E é sobre o caminho que devemos seguir, sobre a vida que queremos levar, sobre aquilo que vale à pena viver, que o texto acabou por me despertar. Tenho vivido momentos de limite, de questionamento extremo sobre o que sou, o que quero e o que tenho. Olhar para trás e para frente, na tentativa de buscar um sentido tornou-se para mim insuportável. É como Viriato, o Anão, que por não ter ninguém se atirou ao mar, e nunca mais acordou, com o corpo cheio de siris, em uma lúgubre noite velado n’O Lanterna dos Afogados.
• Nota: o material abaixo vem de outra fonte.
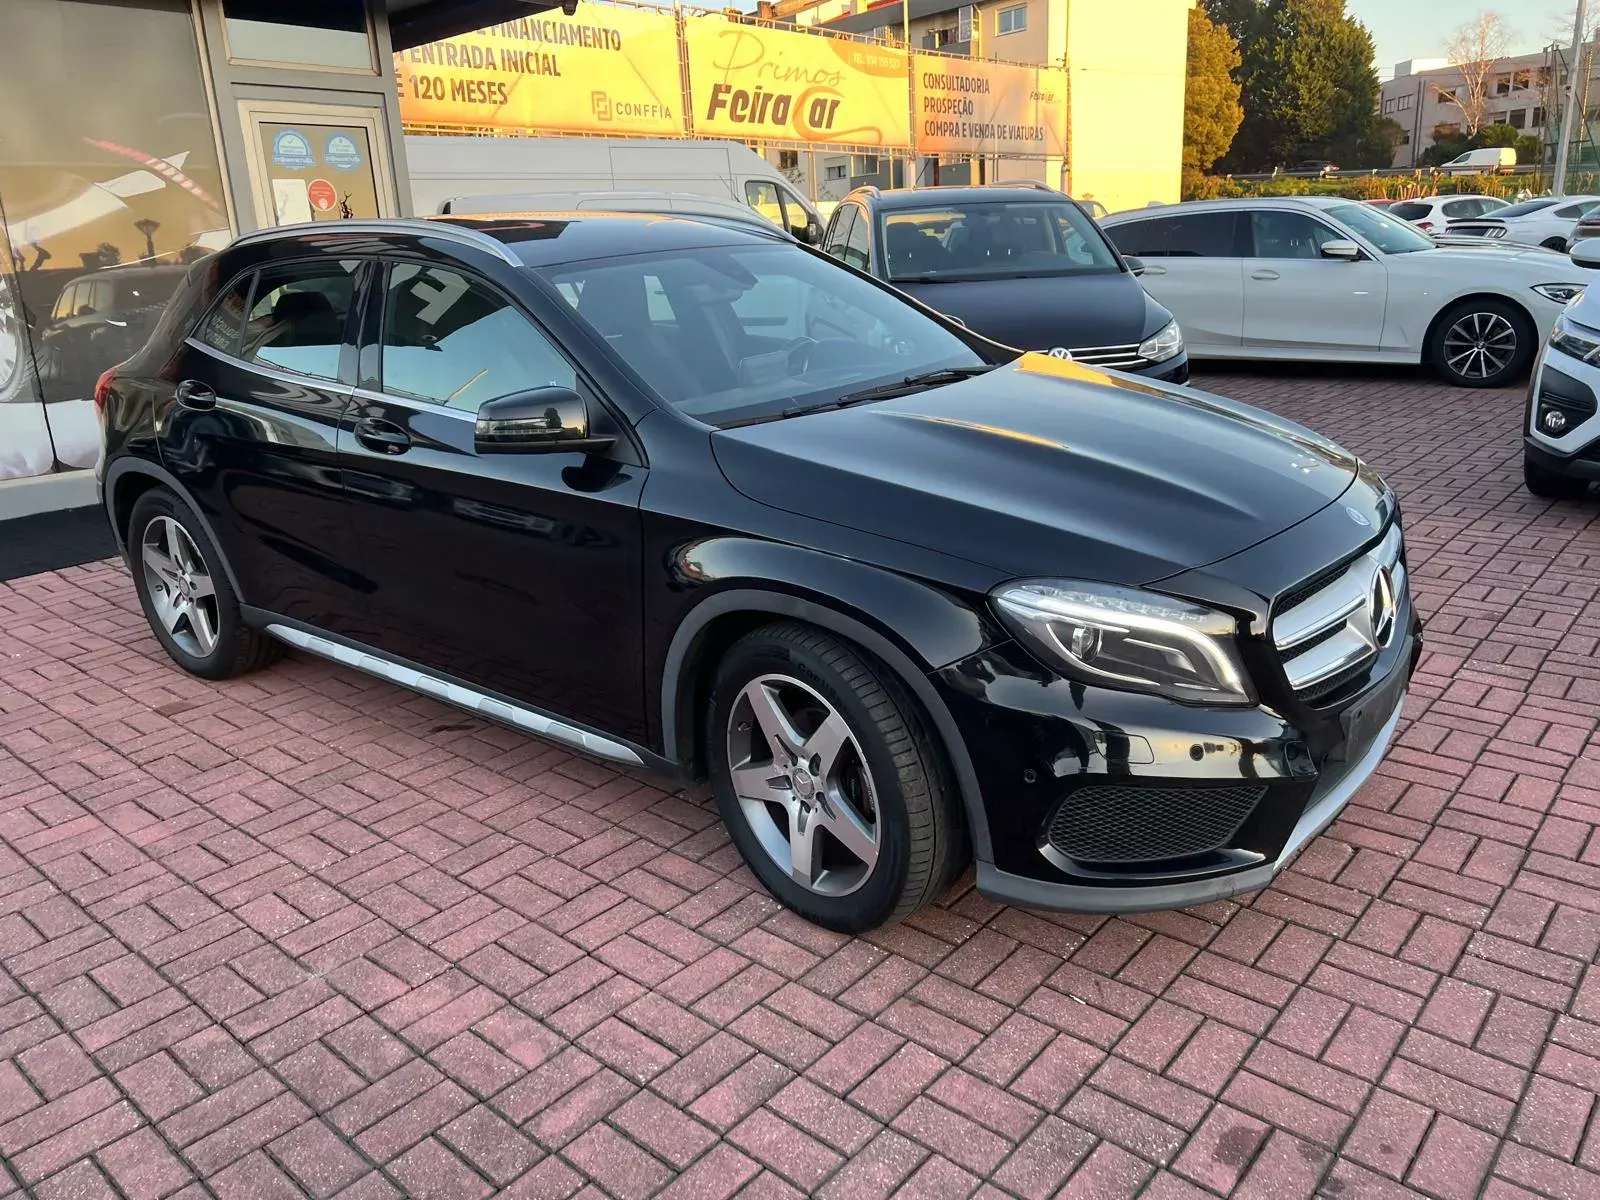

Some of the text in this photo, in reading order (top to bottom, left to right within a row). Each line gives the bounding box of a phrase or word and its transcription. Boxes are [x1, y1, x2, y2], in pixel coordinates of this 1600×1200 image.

[410, 41, 498, 71] ENTRADA
[500, 48, 562, 77] INICIAL
[712, 29, 847, 87] Primos
[408, 74, 446, 101] 120
[449, 77, 509, 106] MESES
[922, 72, 991, 94] CONSULTADORIA
[615, 102, 673, 120] CONFFIA
[923, 95, 974, 118] PROSPEÇÃO
[924, 120, 1044, 141] COMPRA E VENDA DE VIATURAS
Por não ter ninguém ele buscou e é na busca que acabamos por nos afogar.

Estou aprendendo a dizer não. A abandonar coisas. A tentar um novo sentido para aquilo que planejei para mim. E ao longo desses quase 30 anos que carrego, que confesso serem poucos, mas de certa forma bem vividos, tenho tomado uma nova relação sobre o que devo ser para mim e para os outros. É difícil, aqui dentro, ser diferente daquilo que sou, na eterna tentativa de agradar àqueles que me cercam ou me tomam. É como se o sentido da vida se encontrasse em estar afinado com as perspectivas alheias sobre o que podemos e devemos ser. Quebrar tudo isso é muito doloroso e é uma experiência de quase morte. Morte que, confesso, ansiei nos últimos dias.
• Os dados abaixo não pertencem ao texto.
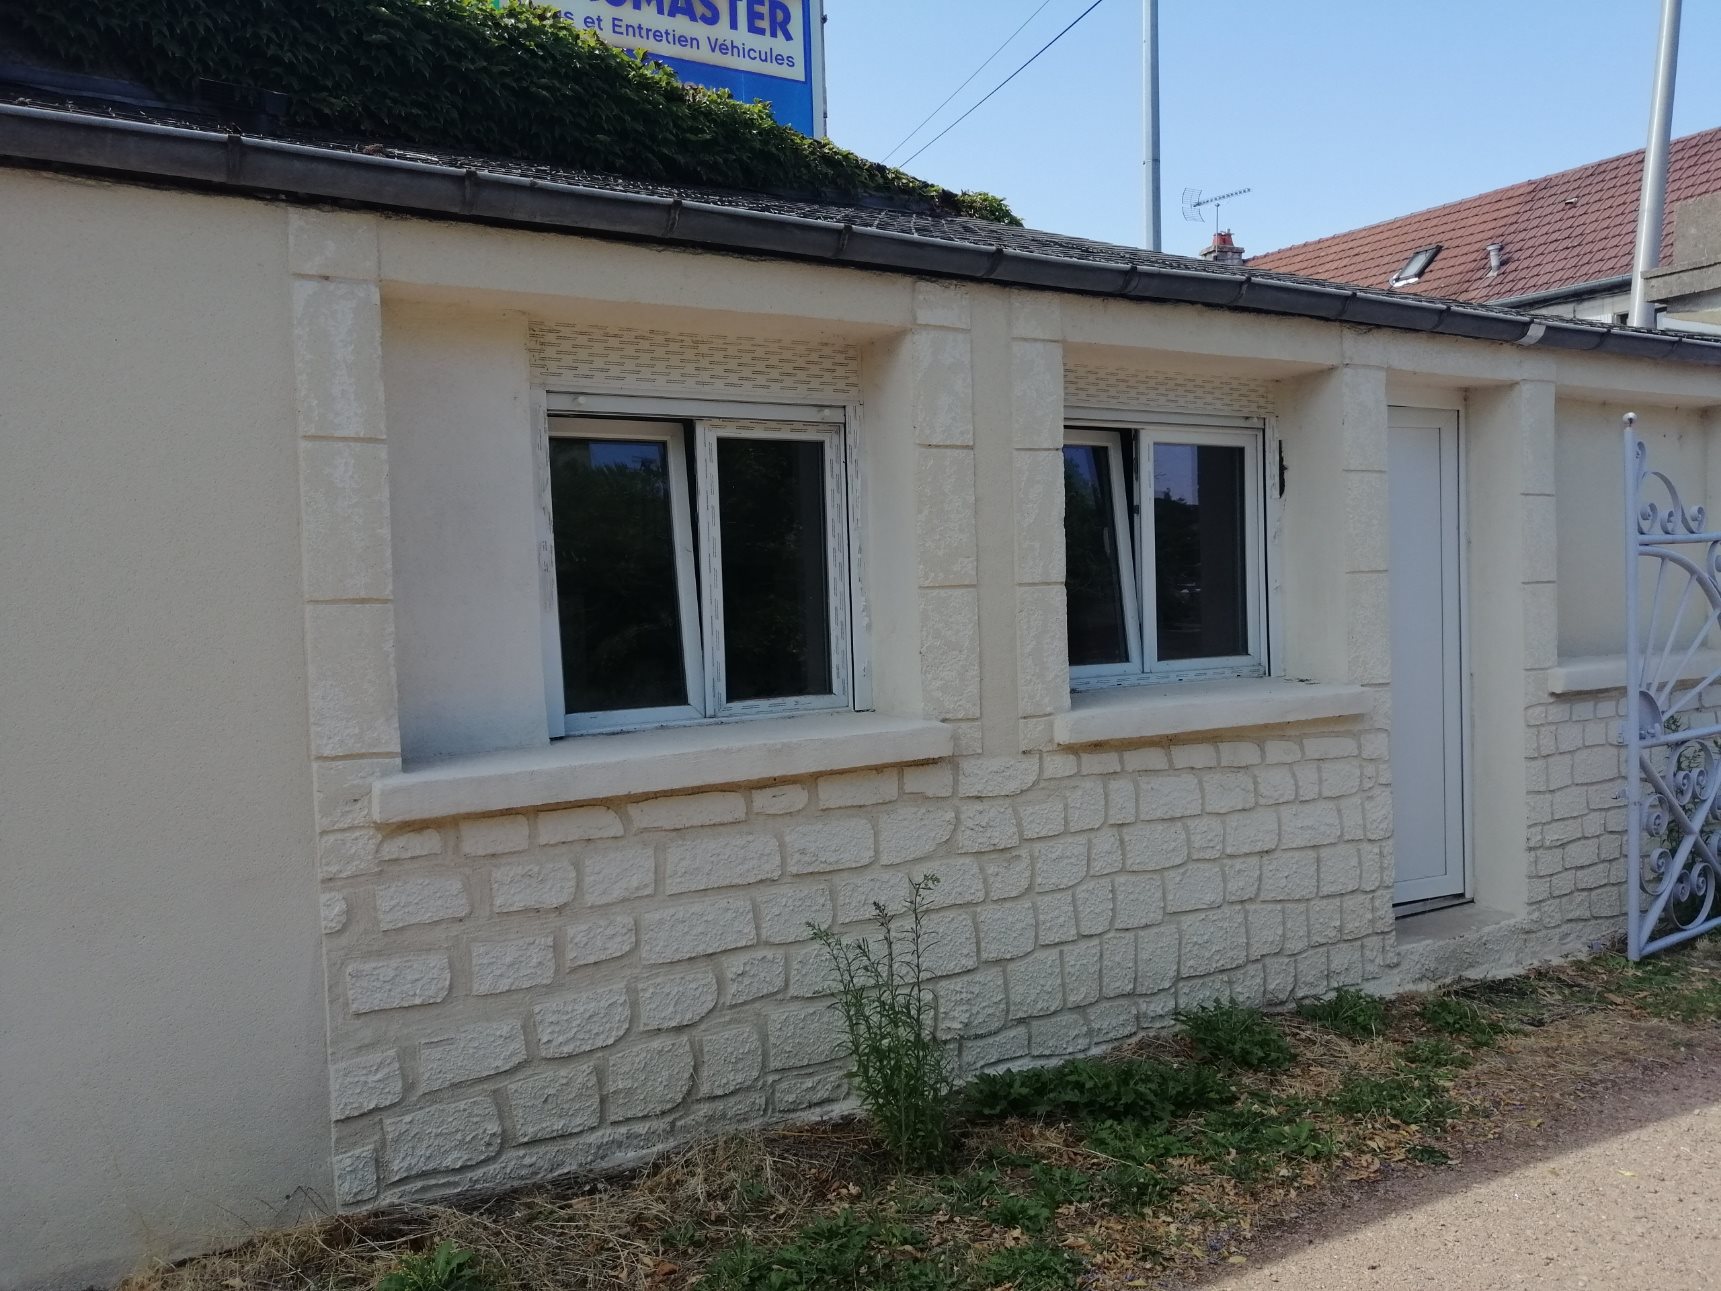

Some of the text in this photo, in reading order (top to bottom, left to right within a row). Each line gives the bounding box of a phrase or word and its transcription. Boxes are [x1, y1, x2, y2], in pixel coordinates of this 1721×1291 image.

[583, 15, 604, 32] et
[611, 17, 700, 50] Entretien
[706, 36, 795, 68] Véhicules
[604, 0, 794, 42] ASTER
Ao compreender Baldo em sua busca, me vi ali tentando ser alguém em meio a tantas perspectivas e vontades. Em sustentar coisas que, no fundo, não faziam mais parte de mim. Há tempo para tudo e eu não soube respeitar esse tempo. Hoje sofro as consequências de um corpo cansado e uma mente alquebrada que tenta se recuperar, em meio a um turbilhão de prazos, limites e julgamentos. Jogar tudo para o alto? Uma hora cai e pode ser pior.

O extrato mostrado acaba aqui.